- WORK INSTRUCTION
Each record that follows should be repeated exactly, with no pictures carried over.

- SUPPLIED MATERIAL
========
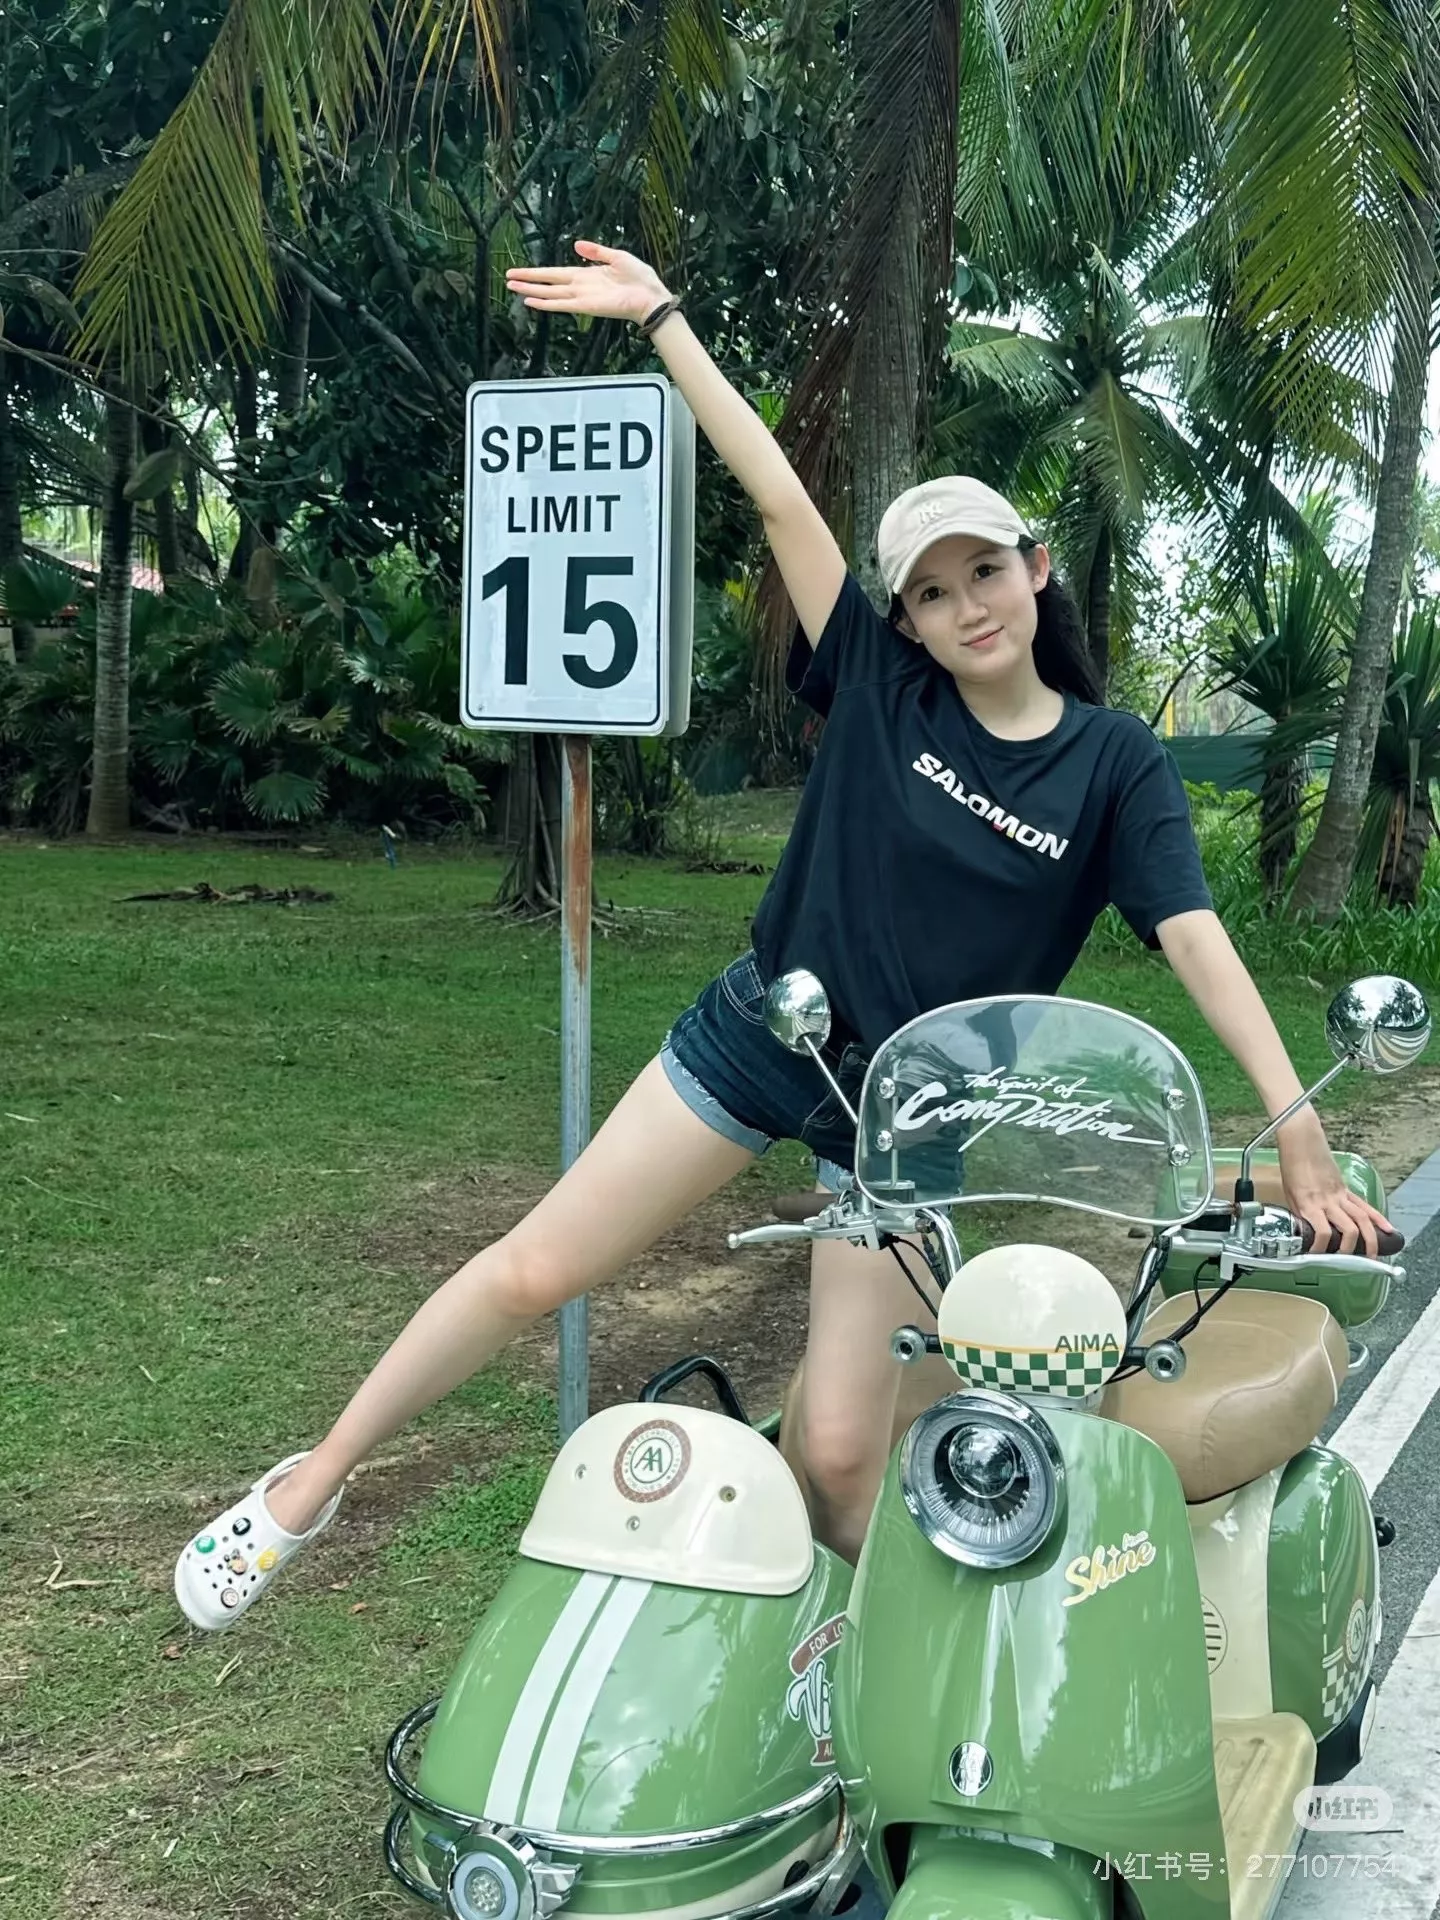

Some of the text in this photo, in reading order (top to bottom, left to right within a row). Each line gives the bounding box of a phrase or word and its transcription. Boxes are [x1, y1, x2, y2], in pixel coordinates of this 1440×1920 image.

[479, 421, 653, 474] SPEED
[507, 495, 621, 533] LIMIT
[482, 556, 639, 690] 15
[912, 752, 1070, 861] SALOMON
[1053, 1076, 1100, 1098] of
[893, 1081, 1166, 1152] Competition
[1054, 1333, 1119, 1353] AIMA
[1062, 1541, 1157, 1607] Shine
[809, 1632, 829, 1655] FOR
========
- SOLUTION TO THE EXERCISE
Some of the text in this photo, in reading order (top to bottom, left to right within a row). Each line gives the bounding box of a phrase or word and its transcription. Boxes are [x1, y1, x2, y2], in pixel coordinates of this 1440×1920 image.

[479, 421, 653, 474] SPEED
[507, 495, 621, 533] LIMIT
[482, 556, 639, 690] 15
[912, 752, 1070, 861] SALOMON
[1053, 1076, 1100, 1098] of
[893, 1081, 1166, 1152] Competition
[1054, 1333, 1119, 1353] AIMA
[1062, 1541, 1157, 1607] Shine
[809, 1632, 829, 1655] FOR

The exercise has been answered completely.